How do you automate this task in SQL Server 2019 and Oracle Windows 19c, and what are the differences?
Oracle
In Oracle Windows 19c, there is a standard way to create this setup:
- Fun with Event Based Oracle Scheduling
- MAX_RUN_DURATION Attribute of the SCHEDULER to Setup a Sniper Job
Often, it's still not clear or straightforward even after reading the following documentation:
- Scheduler (DBMS_SCHEDULER) Enhancements in Oracle Database 12c Release 1 (12.1)

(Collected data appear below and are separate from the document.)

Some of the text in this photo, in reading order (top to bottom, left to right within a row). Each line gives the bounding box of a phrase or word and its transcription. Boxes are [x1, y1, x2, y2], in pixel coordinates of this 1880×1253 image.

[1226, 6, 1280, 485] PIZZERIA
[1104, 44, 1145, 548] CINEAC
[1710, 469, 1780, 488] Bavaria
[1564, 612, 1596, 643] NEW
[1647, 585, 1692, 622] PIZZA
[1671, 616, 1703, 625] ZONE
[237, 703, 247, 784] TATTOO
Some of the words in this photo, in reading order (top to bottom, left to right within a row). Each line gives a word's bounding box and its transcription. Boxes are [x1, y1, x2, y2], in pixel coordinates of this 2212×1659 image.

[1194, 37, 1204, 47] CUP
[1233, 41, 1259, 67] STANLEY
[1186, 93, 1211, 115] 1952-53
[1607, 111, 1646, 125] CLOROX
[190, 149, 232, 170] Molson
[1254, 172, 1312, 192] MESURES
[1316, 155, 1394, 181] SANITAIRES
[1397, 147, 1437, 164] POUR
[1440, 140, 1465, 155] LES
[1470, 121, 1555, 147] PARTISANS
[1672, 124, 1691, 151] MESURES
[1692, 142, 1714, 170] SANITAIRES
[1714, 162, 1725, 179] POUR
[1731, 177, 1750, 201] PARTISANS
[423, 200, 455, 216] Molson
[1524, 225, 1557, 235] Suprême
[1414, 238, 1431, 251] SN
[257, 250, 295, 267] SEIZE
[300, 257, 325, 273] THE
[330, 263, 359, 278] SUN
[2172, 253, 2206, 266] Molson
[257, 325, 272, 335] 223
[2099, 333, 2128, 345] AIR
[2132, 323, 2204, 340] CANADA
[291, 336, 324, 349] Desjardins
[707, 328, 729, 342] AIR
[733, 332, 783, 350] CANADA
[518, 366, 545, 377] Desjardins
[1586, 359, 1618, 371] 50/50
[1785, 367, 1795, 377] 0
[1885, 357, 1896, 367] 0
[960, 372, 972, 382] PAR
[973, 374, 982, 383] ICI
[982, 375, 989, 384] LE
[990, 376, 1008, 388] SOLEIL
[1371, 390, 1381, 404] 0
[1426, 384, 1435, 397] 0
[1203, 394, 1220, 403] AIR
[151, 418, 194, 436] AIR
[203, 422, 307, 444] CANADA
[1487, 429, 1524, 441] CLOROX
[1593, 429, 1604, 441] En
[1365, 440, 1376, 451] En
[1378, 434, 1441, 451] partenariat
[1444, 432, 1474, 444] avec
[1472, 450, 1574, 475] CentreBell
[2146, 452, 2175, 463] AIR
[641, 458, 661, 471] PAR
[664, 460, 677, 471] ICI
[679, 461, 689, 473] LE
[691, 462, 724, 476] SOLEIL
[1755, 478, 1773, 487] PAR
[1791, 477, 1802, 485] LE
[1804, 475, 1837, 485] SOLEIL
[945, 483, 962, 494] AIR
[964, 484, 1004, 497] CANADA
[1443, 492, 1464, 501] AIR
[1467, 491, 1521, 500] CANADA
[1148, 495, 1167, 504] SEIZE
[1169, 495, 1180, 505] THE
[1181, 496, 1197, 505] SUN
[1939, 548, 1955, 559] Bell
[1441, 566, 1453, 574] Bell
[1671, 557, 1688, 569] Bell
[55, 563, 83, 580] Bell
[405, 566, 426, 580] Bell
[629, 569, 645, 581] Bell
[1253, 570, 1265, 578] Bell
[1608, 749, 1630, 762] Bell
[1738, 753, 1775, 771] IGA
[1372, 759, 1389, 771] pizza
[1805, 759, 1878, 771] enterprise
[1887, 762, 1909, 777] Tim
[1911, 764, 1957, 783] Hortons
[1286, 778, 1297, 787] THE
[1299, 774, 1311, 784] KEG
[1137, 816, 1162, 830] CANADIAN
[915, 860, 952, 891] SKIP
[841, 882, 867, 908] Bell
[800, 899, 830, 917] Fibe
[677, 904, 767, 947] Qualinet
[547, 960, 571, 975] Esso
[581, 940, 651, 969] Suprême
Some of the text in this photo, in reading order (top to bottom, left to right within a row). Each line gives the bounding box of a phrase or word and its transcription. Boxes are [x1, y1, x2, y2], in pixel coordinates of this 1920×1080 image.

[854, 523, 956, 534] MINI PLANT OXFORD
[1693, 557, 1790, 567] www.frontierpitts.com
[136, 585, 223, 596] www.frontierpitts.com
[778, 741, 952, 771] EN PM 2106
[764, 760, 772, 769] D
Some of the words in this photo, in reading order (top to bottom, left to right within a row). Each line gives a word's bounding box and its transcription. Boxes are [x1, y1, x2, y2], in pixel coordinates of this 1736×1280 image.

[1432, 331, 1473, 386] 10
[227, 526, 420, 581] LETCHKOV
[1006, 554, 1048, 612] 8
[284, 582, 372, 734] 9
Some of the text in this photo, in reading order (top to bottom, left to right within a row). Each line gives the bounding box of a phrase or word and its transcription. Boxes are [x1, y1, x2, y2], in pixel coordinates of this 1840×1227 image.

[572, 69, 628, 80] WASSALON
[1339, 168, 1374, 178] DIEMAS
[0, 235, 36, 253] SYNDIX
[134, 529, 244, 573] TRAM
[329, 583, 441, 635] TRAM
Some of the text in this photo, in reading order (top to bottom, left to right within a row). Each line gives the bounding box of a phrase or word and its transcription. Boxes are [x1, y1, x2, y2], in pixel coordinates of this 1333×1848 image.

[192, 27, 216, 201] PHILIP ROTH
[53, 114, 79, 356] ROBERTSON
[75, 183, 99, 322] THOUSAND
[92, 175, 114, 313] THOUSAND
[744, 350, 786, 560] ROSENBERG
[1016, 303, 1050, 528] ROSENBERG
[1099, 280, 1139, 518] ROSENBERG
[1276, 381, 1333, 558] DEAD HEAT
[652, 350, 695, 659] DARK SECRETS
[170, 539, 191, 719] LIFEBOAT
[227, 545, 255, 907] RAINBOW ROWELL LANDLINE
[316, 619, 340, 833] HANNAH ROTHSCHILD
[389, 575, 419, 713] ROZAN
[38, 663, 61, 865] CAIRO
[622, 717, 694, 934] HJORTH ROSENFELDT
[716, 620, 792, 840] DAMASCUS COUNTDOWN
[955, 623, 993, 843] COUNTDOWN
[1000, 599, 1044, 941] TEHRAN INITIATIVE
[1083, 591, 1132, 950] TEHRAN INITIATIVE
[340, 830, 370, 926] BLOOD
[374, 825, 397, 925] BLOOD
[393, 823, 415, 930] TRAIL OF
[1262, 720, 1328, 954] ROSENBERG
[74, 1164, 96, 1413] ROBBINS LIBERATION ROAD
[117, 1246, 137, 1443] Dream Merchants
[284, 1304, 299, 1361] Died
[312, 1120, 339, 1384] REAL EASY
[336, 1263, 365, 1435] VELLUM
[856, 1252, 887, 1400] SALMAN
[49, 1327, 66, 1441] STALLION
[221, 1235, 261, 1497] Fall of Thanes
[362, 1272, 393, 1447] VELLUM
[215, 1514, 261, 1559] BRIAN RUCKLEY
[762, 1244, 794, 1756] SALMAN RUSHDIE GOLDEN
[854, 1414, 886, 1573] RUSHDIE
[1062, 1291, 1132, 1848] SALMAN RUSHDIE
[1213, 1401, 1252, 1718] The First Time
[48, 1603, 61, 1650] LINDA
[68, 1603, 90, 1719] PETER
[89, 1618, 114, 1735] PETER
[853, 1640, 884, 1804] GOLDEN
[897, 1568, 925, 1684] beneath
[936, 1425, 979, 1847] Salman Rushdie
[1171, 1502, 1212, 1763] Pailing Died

- Using Events to Start Jobs
- Advanced Queuing User's Guide
- DBMS_SCHEDULER
So, I'm going to show a more straightforward approach that is easier to understand and can be extended and adapted to your environment. This will be simpler than creating the job, a scheduler program (with its metadata argument EVENT_MESSAGE being thrown), and a stored procedure (which receives the SYS.SCHEDULER$_EVENT_INFO). And once you understand how it works, it will be much easier to create the scheduler program and stored procedure to improve performance as recommended by Oracle experts.
First, you need to subscribe to event-based notifications sent from the scheduler event queue. To do this, run the command below, logged in as a DBA user, taking note of the name assigned:
BEGIN DBMS_SCHEDULER.ADD_EVENT_QUEUE_SUBSCRIBER('DATA_EVENT'); END; /
Note: Use the command below to remove the subscription:
BEGIN DBMS_SCHEDULER.REMOVE_EVENT_QUEUE_SUBSCRIBER('DATA_EVENT'); END; /
To check which users are subscribed to event-based notifications from the scheduler event queue, run the following commands. The ones added are the last row in the first output and the last two rows in the second output.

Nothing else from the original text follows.